## Material provided
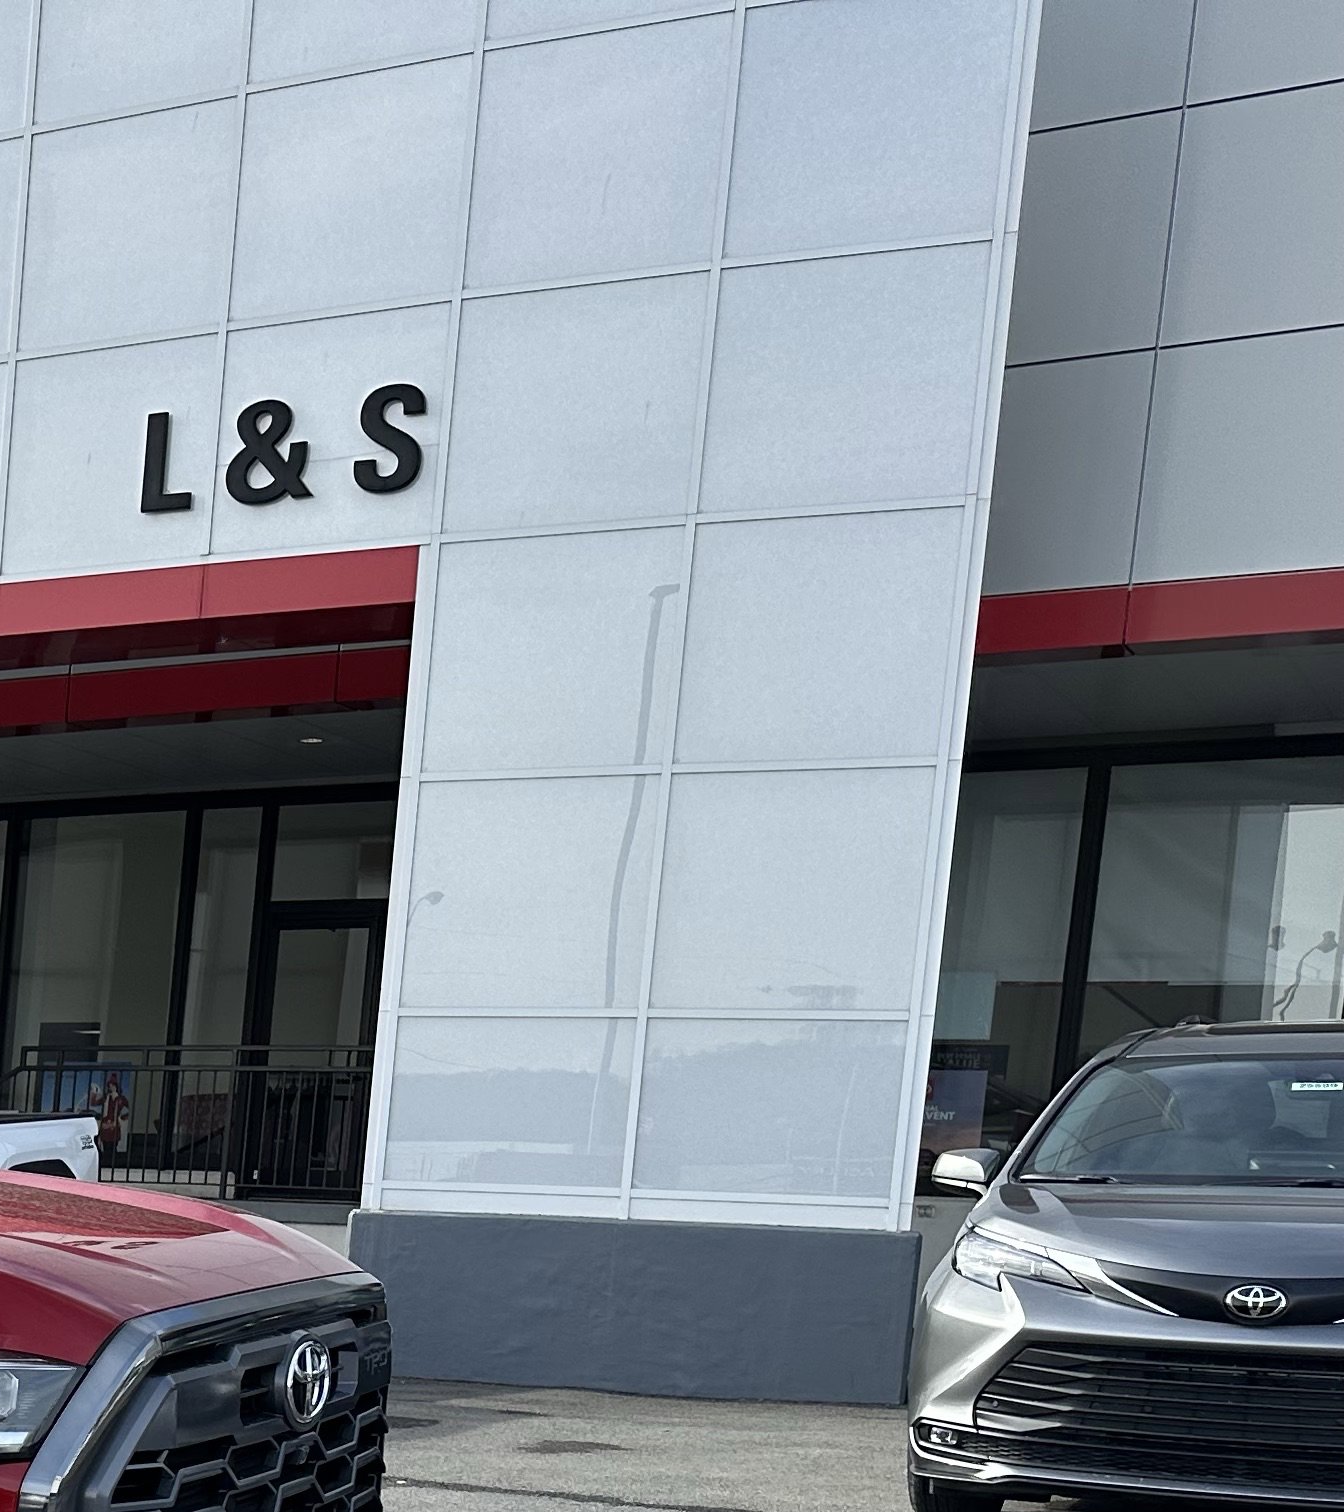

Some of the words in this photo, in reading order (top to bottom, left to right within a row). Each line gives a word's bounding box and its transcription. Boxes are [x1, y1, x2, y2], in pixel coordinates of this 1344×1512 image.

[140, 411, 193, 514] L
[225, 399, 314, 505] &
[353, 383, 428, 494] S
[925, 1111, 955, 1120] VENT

## What this task involves
Please copy the data shown above, line by line and exactly, omitting the images.

## Exercise response
Some of the words in this photo, in reading order (top to bottom, left to right within a row). Each line gives a word's bounding box and its transcription. Boxes are [x1, y1, x2, y2], in pixel coordinates of this 1344×1512 image.

[140, 411, 193, 514] L
[225, 399, 314, 505] &
[353, 383, 428, 494] S
[925, 1111, 955, 1120] VENT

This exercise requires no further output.